■ Querspalte: Schnupfen ist cool
Schnupfen ist ein undankbarer Winterdefekte und gilt als „uncool“. Überall in der Wohnung liegen verschnupfte Taschen- und Geschirrtücher, Unterhosen, und T-Shirts herum; trotzdem streichelt einem niemand zärtlich bedauernd über den Kopf und findet tröstende Worte, wenn man mit einer gefühlten Temperatur von 39 Grad und laufender Nase herumläuft. Im Gegenteil.

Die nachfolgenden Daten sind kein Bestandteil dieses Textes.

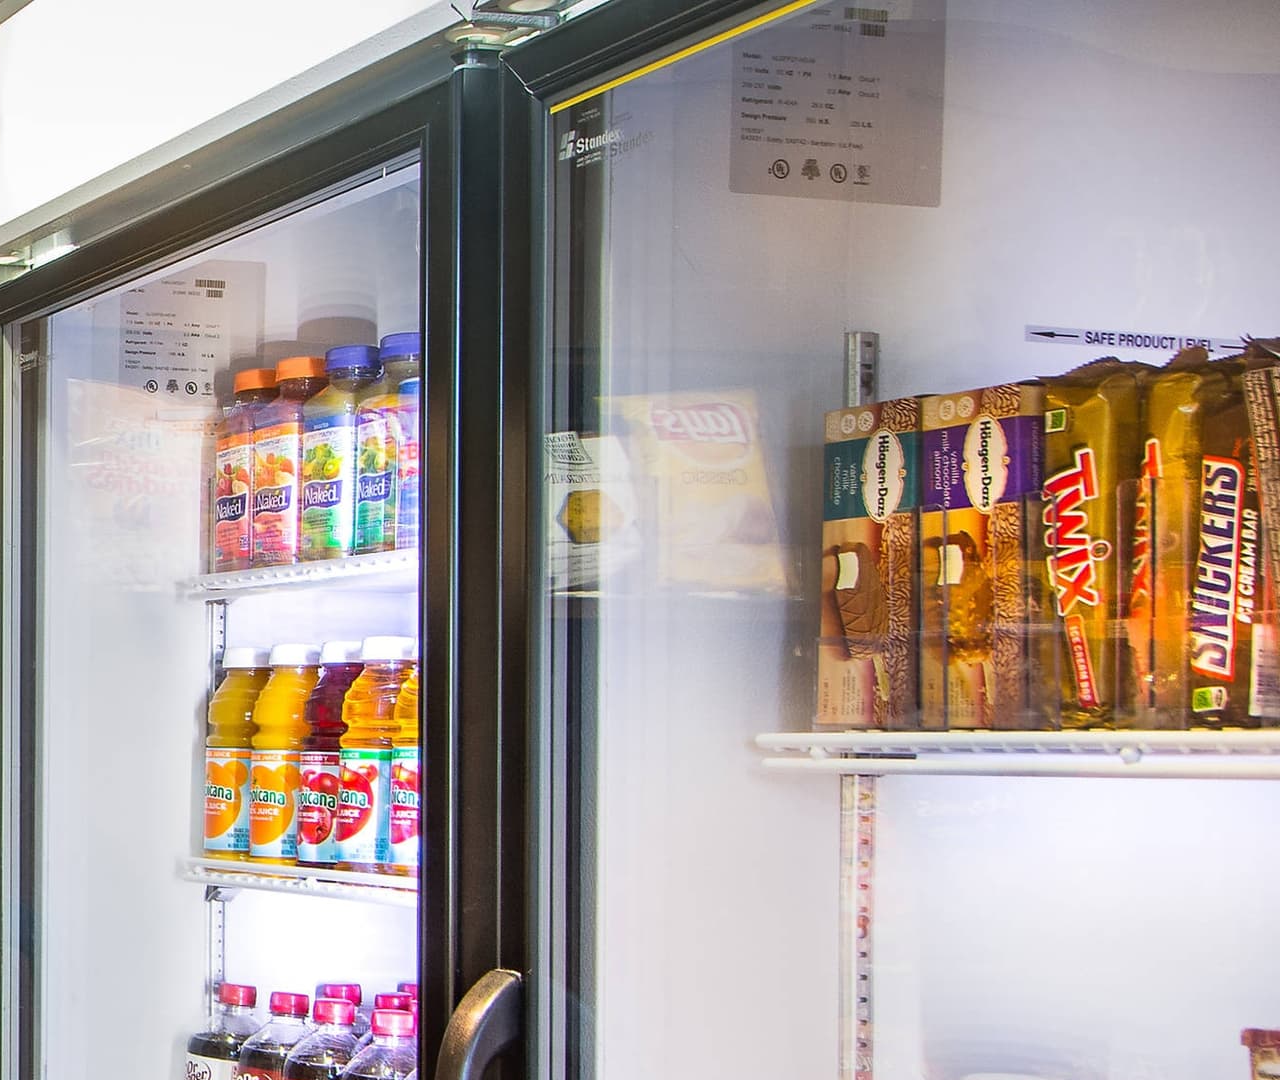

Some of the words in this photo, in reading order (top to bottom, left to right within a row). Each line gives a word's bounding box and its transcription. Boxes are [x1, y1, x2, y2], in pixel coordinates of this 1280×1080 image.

[1084, 331, 1115, 346] SAFE
[1118, 333, 1175, 350] PRODUCT
[849, 463, 857, 495] vanilla
[934, 451, 942, 490] almond
[1042, 449, 1111, 616] TWIX
[1243, 509, 1259, 544] BAR
[1192, 463, 1239, 669] SNICKERS
[1240, 548, 1257, 596] CREAM
[1070, 625, 1081, 640] ICE
[1073, 643, 1089, 677] CREAM
[188, 1060, 198, 1073] Dr

Viele Mitbürger reagieren unsensibel, erzählt man ganz sachlich von der Grippe, die seit zwei Wochen dabei ist, einen dahinzuraffen. Dann hätte man sich eben ein bißchen zurücknehmen sollen Weihnachten und Silvester, sagen sie elternhaft, und wie oft hab ich dir gesagt, daß man sich die Haare föhnen soll nach dem Duschen. Manche tun auch ironisch besorgt, wenn man gemeinsame Lokalbesuche wegen Erkältung verweigert. Degradierend nesteln sie an dem Schal rum, den man trägt, und sagen, jaaa, da müsse man natürlich aufpassen, daß man das nicht verschleppe. Und man solle auf sich achtgeben und viel Orangen essen.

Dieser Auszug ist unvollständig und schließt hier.